A postura de Aya caiu um pouco com isso e um pouco de seu cansaço saiu à tona. Ao mesmo tempo a frieza do ambiente dispersou em partes e Izuku sentiu seu cabelo sendo bagunçado.

“Inko-san está estável sim, embora permaneça inconsciente. Estou cuidando de Izu nesse meio tempo, sou Matsukaze Aya, a propósito. Lamento não me apresentar antes, um lapso de educação lamentável.”

“Sem problemas.” O tom indicava que sim, havia problemas. “Eu nunca ouvi Inko falando de alguém com o seu nome. Não sabia que ela tinha parentes fora a sua mãe que faleceu no ultimo inverno.”

“Isso por que não somos parentes.” Aya levantou de onde estava agachada ao seu lado. “Trabalhei com Hisashi durante um tempo e voltei para a cidade recentemente. Estava na lista de contatos emergenciais dele e deu certo de estar de serviço no caso de socorro ao prédio.”

“Oh, eu nunca soube em que Hisashi trabalhava. Inko nunca me disse. E o que seria isso?”

“Comigo ele trabalhou em segurança, mas nossos trabalhos variavam muito.”

Essa era uma informação nova para todos os presentes, incluindo Izuku (se perguntado, o menino diria que seu pai trabalhava com livros, como numa biblioteca ou algo assim. Ele também poderia dizer que seu pai trabalhava com plantas lembrando-se dos incomuns vasos que eram mantidos nos parapeitos das janelas…). O tom da garota, entretanto, desencorajava a continuidade do argumento enquanto sua postura o dava, praticamente, por encerrado.

“Oh, eu vejo.” Mitsuki-san demonstrava sua preocupação não pela voz, mas no restante de seu corpo. Era o tumulto em seu olhar, o apertar de suas unhas contra a carne da palma e a postura tensa que entregavam a Izuku a insegurança que ela sentia.

Kacchan também percebia, é claro, como sua mãe parecia querer estar em qualquer lugar além dali (como as outras três pessoas presentes) e isso foi o que o fez falar novamente. “Quando que você vai voltar para a escola De…Izuku?”

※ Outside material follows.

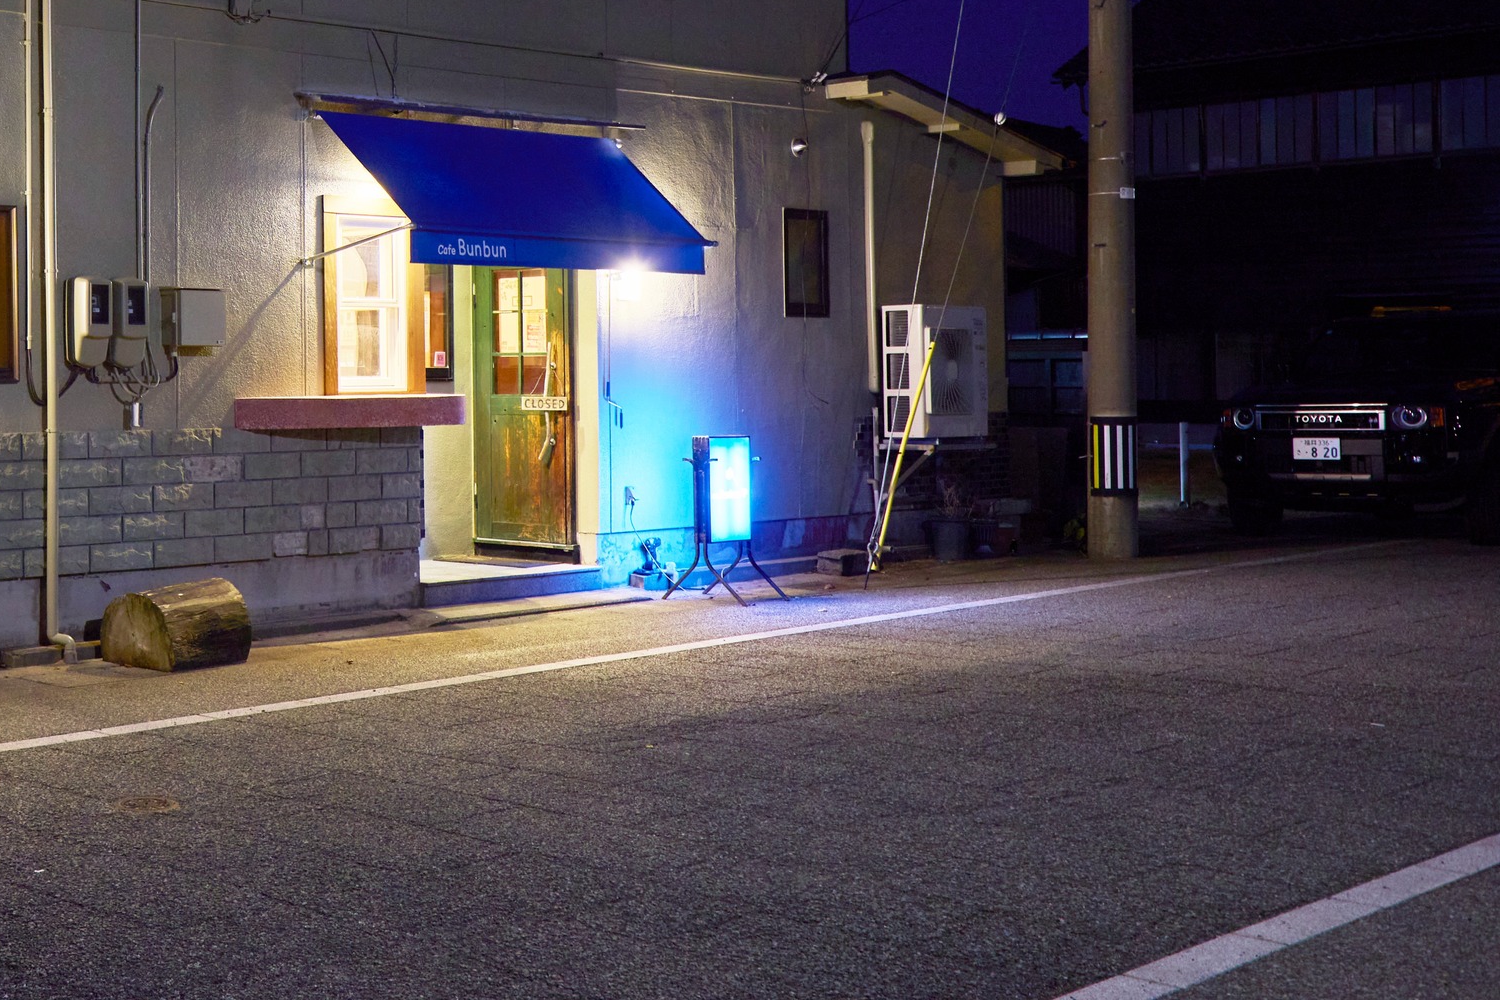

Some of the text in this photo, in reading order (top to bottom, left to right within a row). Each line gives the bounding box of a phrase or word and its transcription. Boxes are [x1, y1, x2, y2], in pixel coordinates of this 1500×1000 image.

“Oh, provavelmente semana que vêm. Onee-chan está me ajudando com cadernos já que não tenho mais os meus.” Apontando vagamente para os volumes na mão da outra. Ele não se atrevia a realmente encontrar o olhar do menino.

“Isso é uma merda.” O Katsuki proferido por uma Mitsuki envergonhada nada fez para interrompê-lo enquanto ele continuava de má vontade. “Eu posso emprestar meus cadernos para você quando voltar, pra não ficar muito para trás.”

“Isso seria muito gentil da sua parte Kacchan. Foi bom ver ambos.” Apesar de tudo era verdade. Izuku sentia-se de certa forma bem por poder encontrar duas pessoas conhecidas, vivas e bem, que pudessem comprovar que sua vida havia sido simples até pouco tempo. Agora, entretanto, ele apenas queria se isolar em sua nova casa. “Onee-chan, podemos ir?”

Aya conhecia suas palavras. Ela entendeu que seu tom escondia muito mais do que as simples letras proferidas e finalmente veio em seu socorro. “É claro que sim, se vocês nos derem licença...” Era óbvio, seu tom. Uma garantia tão necessária.

Ambos já estavam virando para a outra direção quando Misuki-san proferiu um “espere” mais alto do que deveria. Voltando-se novamente para trás encararam a mulher que estendia o celular no nível dos olhos de Aya. “Me dê seu número de contato, por favor.” O tom imperativo descartava qualquer possibilidade de recusa. “É menos do que o ideal, mas deve seguir por enquanto.”

“Claro.” Izuku já conhecia Aya bem o suficiente para entender a irritação em seus gestos, visto que a menina odiava ser ordenada por qualquer outra pessoa. Ambas eram parecidas demais para se darem bem, percebeu divertido. Após digitar brevemente seu número na lista de contatos Aya devolveu o telefone. “Aqui está. Mande-me uma mensagem e vou ter seu número. Agora, se me permite, Izu e eu temos ainda muito para comprar antes de voltar para casa.”

“Moram nas redondezas?”

“Não. Vivemos perto da parte alta, o caminho é longo então se me permite…”

“Oh, sim. Claro. Foi bom vê-lo Izuku.”

“Obrigado igualmente Mitsuki-san.”

Foi com alivio que as quatro pessoas se afastaram, cada par seguindo a sua própria direção. Ao perder de vista a pequena família Izuku permitiu-se respirar profundamente pela primeira vez.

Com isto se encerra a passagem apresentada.